[Your task]: Retype each record exactly, please. Skip none.

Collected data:
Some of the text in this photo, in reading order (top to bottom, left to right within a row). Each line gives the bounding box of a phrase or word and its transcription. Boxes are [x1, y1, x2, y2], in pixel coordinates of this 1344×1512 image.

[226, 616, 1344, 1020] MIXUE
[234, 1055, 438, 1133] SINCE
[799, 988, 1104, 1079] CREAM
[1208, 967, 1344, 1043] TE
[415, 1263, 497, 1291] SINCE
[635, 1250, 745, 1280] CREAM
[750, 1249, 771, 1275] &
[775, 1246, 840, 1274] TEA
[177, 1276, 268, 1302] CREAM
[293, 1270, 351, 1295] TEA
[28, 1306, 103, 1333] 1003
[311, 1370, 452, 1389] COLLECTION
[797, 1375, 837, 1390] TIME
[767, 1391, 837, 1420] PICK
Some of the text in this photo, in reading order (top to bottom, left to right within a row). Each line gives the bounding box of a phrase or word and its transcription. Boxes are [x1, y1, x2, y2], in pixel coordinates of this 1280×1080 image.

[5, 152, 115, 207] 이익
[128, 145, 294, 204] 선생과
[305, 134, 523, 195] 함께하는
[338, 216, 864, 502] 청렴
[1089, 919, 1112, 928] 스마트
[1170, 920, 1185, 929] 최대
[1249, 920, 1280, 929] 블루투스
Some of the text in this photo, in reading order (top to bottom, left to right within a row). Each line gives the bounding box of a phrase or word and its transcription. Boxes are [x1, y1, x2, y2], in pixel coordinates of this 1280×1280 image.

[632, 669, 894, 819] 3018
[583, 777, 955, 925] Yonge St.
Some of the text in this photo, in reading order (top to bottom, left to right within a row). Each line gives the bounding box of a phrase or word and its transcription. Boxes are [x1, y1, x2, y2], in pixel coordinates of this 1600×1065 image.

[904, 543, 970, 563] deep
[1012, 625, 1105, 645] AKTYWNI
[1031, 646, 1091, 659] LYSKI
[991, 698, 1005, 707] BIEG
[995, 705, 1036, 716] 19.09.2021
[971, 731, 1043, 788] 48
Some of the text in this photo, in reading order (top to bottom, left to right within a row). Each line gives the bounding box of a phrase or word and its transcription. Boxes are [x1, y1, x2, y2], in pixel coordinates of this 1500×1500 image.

[Written response]:
Some of the text in this photo, in reading order (top to bottom, left to right within a row). Each line gives the bounding box of a phrase or word and its transcription. Boxes are [x1, y1, x2, y2], in pixel coordinates of this 1344×1512 image.

[226, 616, 1344, 1020] MIXUE
[234, 1055, 438, 1133] SINCE
[799, 988, 1104, 1079] CREAM
[1208, 967, 1344, 1043] TE
[415, 1263, 497, 1291] SINCE
[635, 1250, 745, 1280] CREAM
[750, 1249, 771, 1275] &
[775, 1246, 840, 1274] TEA
[177, 1276, 268, 1302] CREAM
[293, 1270, 351, 1295] TEA
[28, 1306, 103, 1333] 1003
[311, 1370, 452, 1389] COLLECTION
[797, 1375, 837, 1390] TIME
[767, 1391, 837, 1420] PICK
Some of the text in this photo, in reading order (top to bottom, left to right within a row). Each line gives the bounding box of a phrase or word and its transcription. Boxes are [x1, y1, x2, y2], in pixel coordinates of this 1280×1080 image.

[5, 152, 115, 207] 이익
[128, 145, 294, 204] 선생과
[305, 134, 523, 195] 함께하는
[338, 216, 864, 502] 청렴
[1089, 919, 1112, 928] 스마트
[1170, 920, 1185, 929] 최대
[1249, 920, 1280, 929] 블루투스
Some of the text in this photo, in reading order (top to bottom, left to right within a row). Each line gives the bounding box of a phrase or word and its transcription. Boxes are [x1, y1, x2, y2], in pixel coordinates of this 1280×1280 image.

[632, 669, 894, 819] 3018
[583, 777, 955, 925] Yonge St.
Some of the text in this photo, in reading order (top to bottom, left to right within a row). Each line gives the bounding box of a phrase or word and its transcription. Boxes are [x1, y1, x2, y2], in pixel coordinates of this 1600×1065 image.

[904, 543, 970, 563] deep
[1012, 625, 1105, 645] AKTYWNI
[1031, 646, 1091, 659] LYSKI
[991, 698, 1005, 707] BIEG
[995, 705, 1036, 716] 19.09.2021
[971, 731, 1043, 788] 48
Some of the text in this photo, in reading order (top to bottom, left to right within a row). Each line gives the bounding box of a phrase or word and its transcription. Boxes are [x1, y1, x2, y2], in pixel coordinates of this 1500×1500 image.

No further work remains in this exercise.